Healthcare can be an overwhelming space no matter how you get there, so the program starts by alleviating initial fears. It walks students through the EHR, discusses what healthcare systems mean, and breaks down the broad terms we take for granted in healthcare.
“If you bring up interoperability to someone new, they might say, ‘I can’t do this.’ But if you help them understand it’s just the ability to have the systems talk to each other and coordinate care, it’s different conversation you’re having,” she says.
Informatics has a broad applicability across the industry and beyond, so the program is offering a wildly impactful skillset to its students.
“The information you receive from us could lead you to becoming a community health worker, a career in behavioral health. If you have the desire to help and impact your community from a public health standpoint, this is the program for you,” says Washington.
It’s attracting students from all walks of life. Their oldest student is 68 years old and trying to understand these systems and how they can help their community.

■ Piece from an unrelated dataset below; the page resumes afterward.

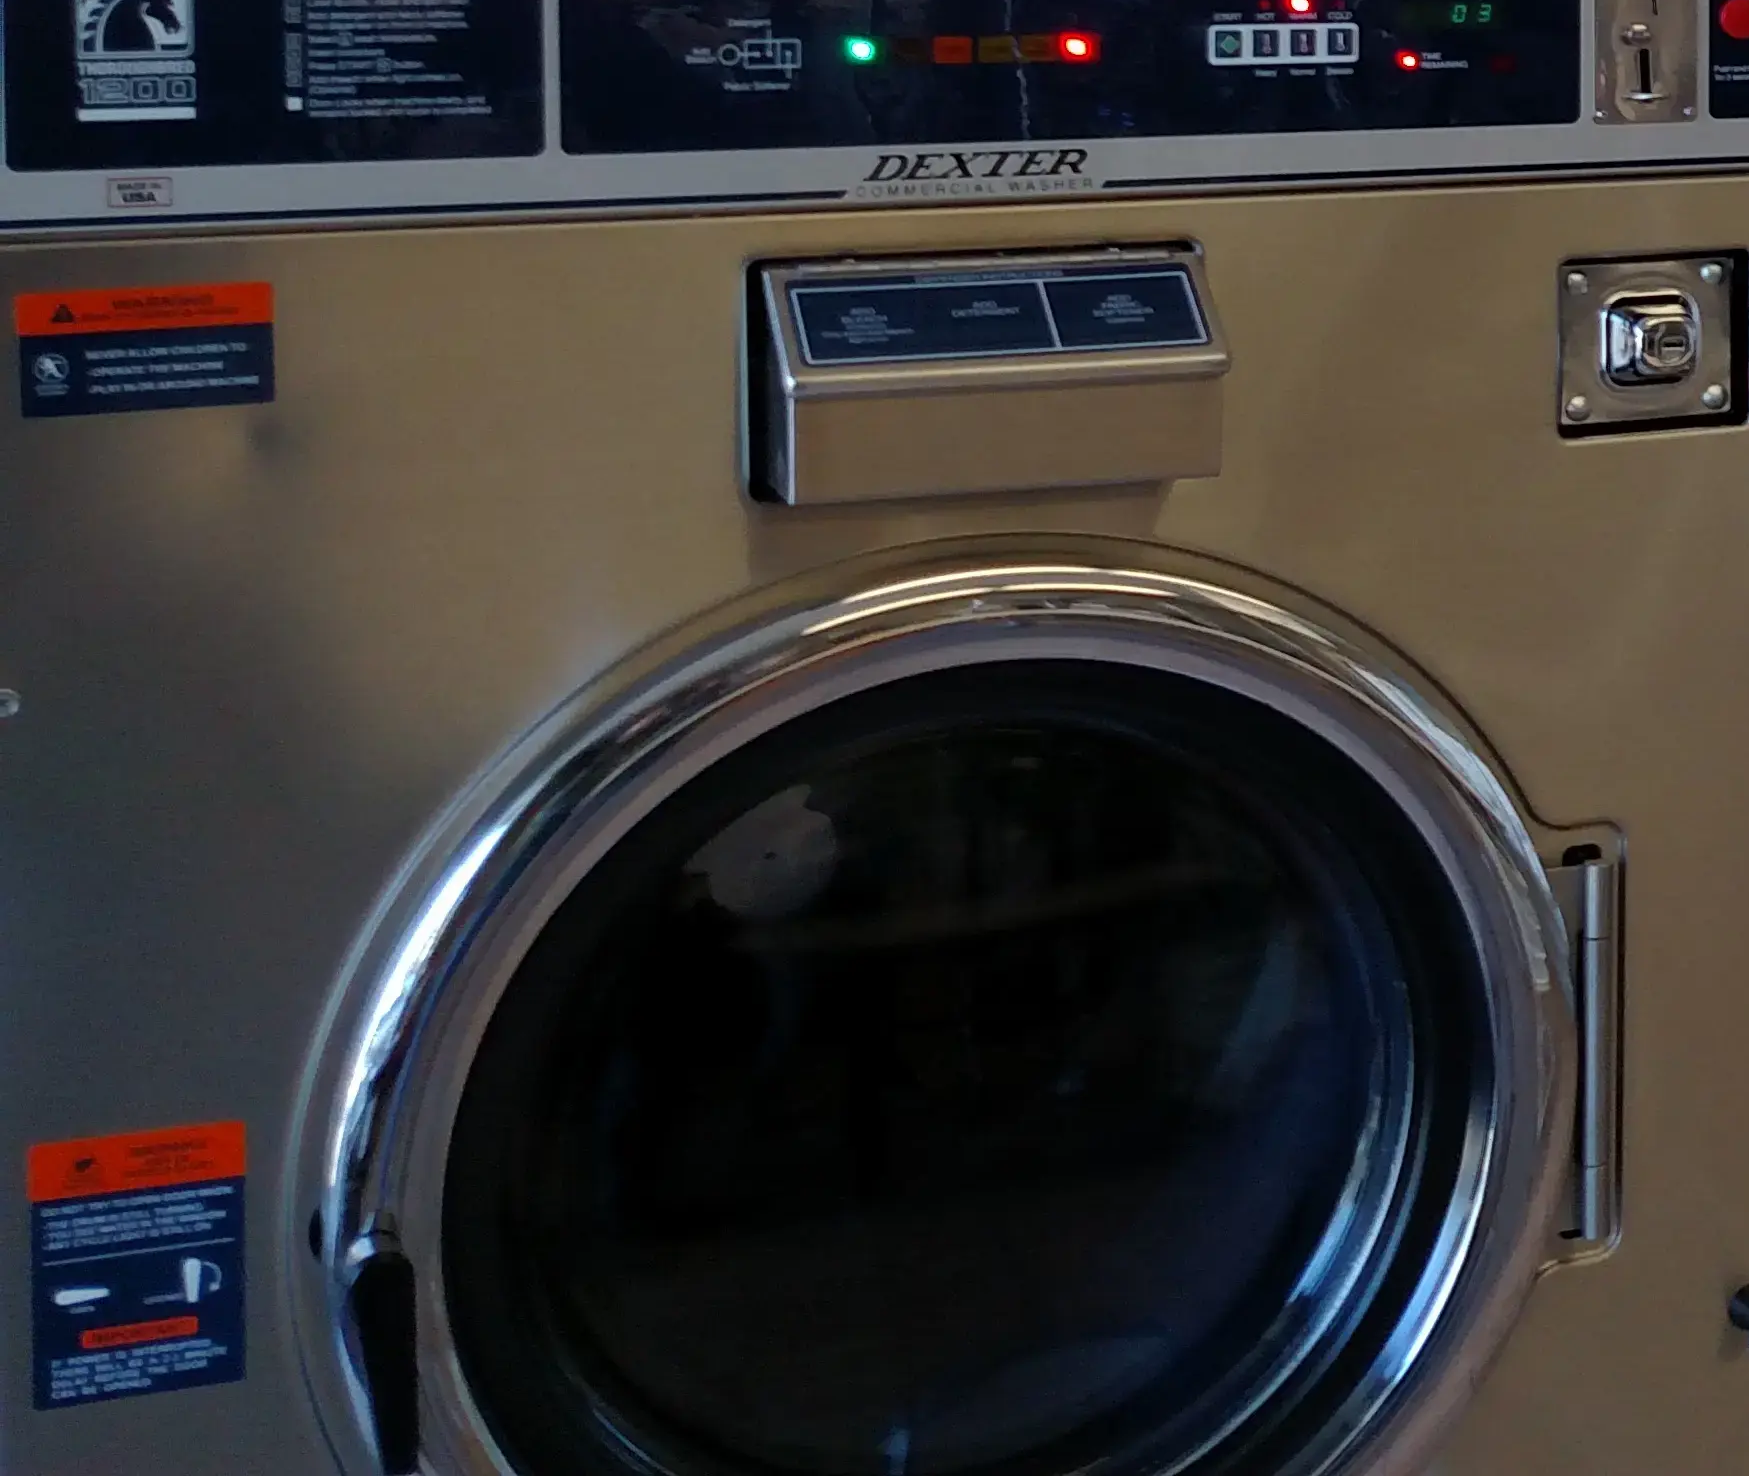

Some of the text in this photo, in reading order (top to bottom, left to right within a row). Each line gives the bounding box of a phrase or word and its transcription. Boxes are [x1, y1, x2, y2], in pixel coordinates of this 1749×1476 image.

“I think COVID really stuck with a lot of people: seeing the numbers, the death rates, and wondering what it all means from a public health perspective and how you can make sure you’re educating your community,” says Washington. “This gives us a way to be ready so we don’t have to get ready when the next thing happens.”
Public health prior to the pandemic in some ways flew under the radar. People were aware of it, but Washington points out that many didn’t have a keen understanding of public health until we were faced with a global crisis.

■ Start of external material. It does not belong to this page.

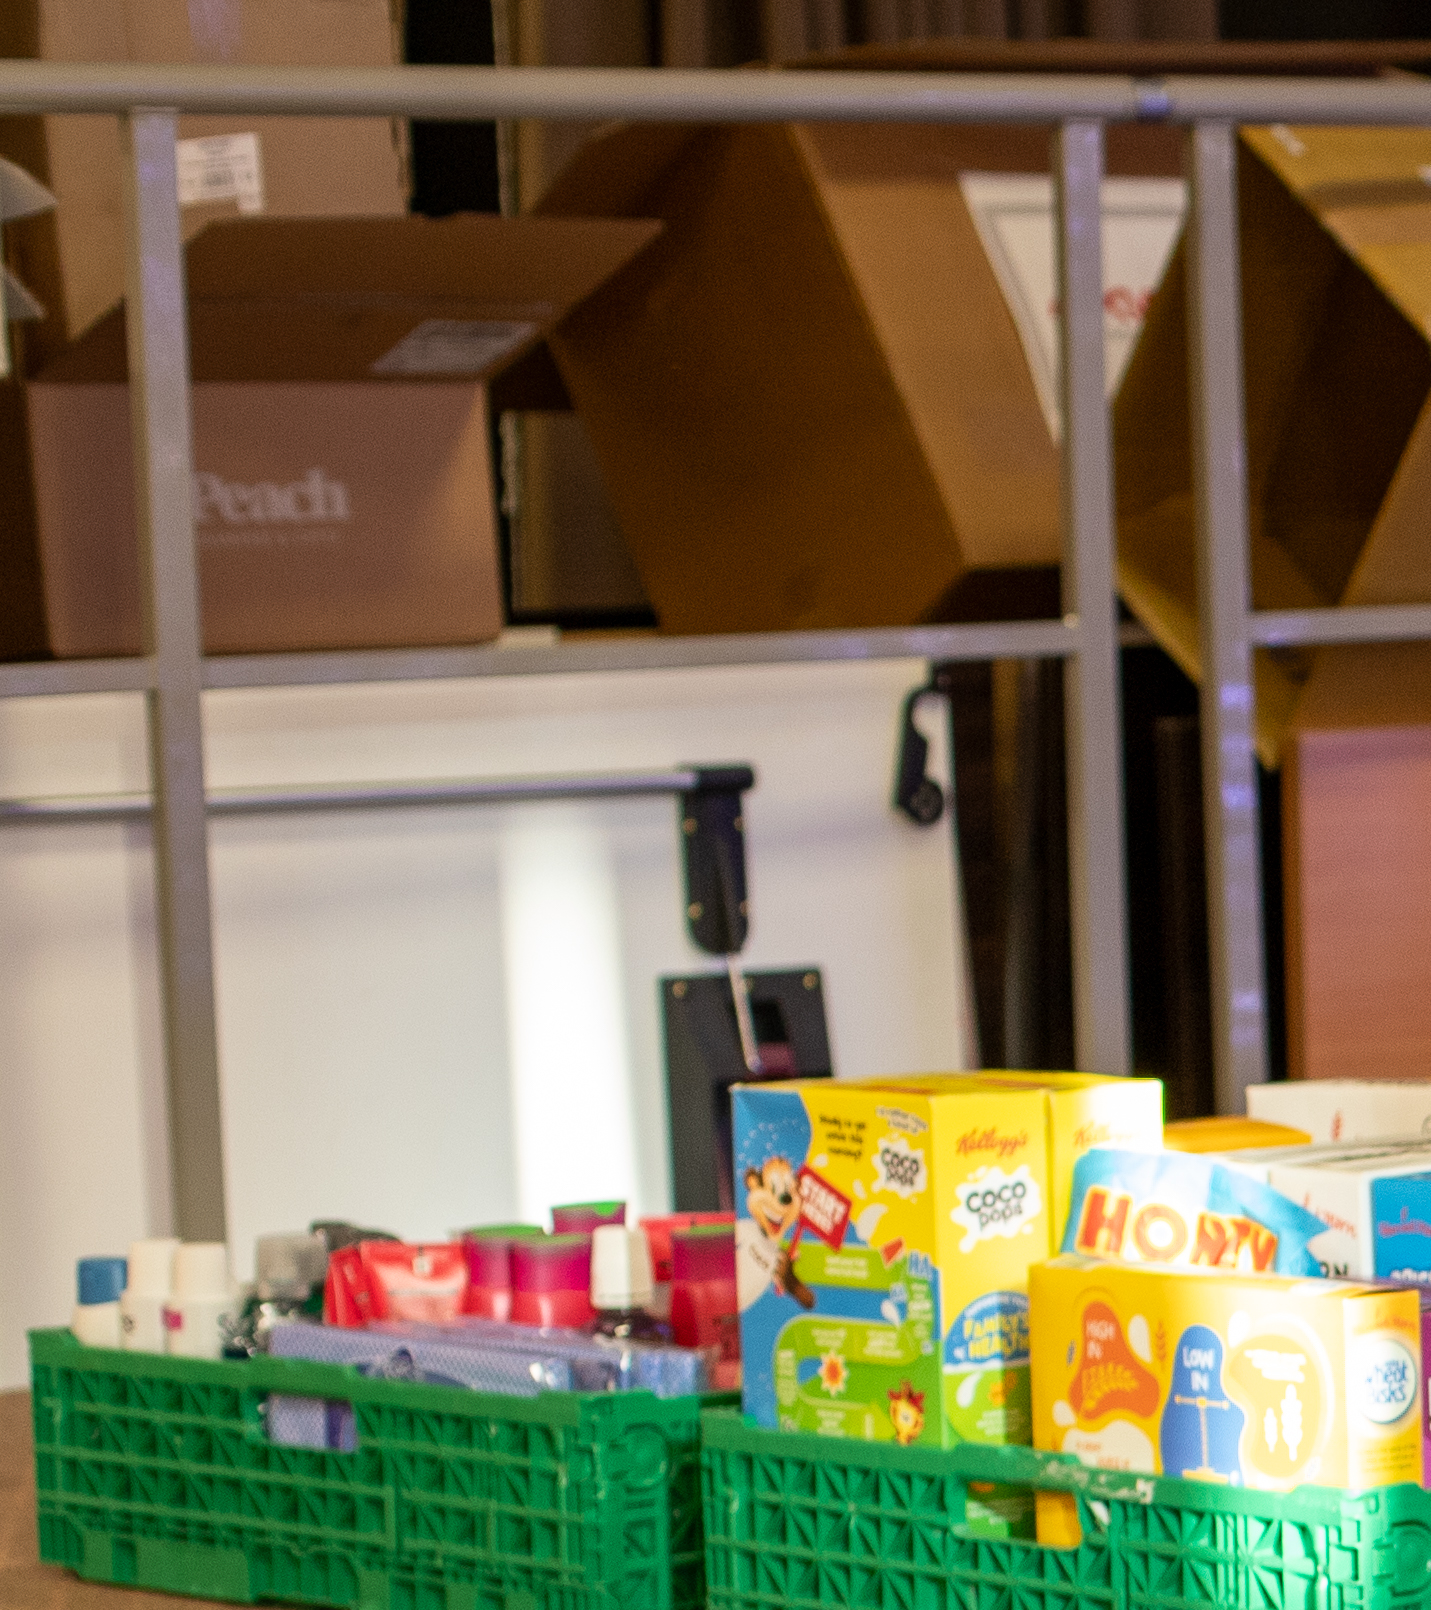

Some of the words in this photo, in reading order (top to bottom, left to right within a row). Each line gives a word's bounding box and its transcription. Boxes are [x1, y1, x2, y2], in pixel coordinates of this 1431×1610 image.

[956, 1125, 1029, 1157] Kellogg's
[1182, 1345, 1215, 1371] LOW
[1190, 1370, 1211, 1393] IN

“We can say we have a crisis with diabetes or hypertension, access to medication, and these are public health issues, but it was COVID” that put a name to it for many, she says.
Informatics grows more and more important every day as well.
“You’re signing in at the hospital with a kiosk—that’s informatics. All of this information we enter into the system, where does it go now?” says Washington. “Informatics is on the forefront, and it’s always been there.”
Washington is optimistic that this growing interest—and growing student population—can make a big impact on public health and informatics.
“If and when we face this reality, with pandemics or hypertension or diabetes or substance abuse, it’s all a public health crisis. Now we’re developing a team that can have an impact,” she says. “We’ll meet the needs of the community from a public health perspective by analyzing the data and filling a much-needed gap.”
This kind of training enables a new generation of professionals to not only gather data but understand it and make changes that will have a powerful impact on the communities that need it most.
“What does the data mean and how is my community impacted by it? That’s the data perspective. And now how do I change it? That’s the public health planning perspective,” she says. “We’re helping them determine the why. The things you need to understand for a larger perspective.”
Getting to the root cause of a public health issue can lift an entire community or region.
“The more hands we have impacting the public, the better off we are,” says Washington. “The health of the public is the health of everyone.”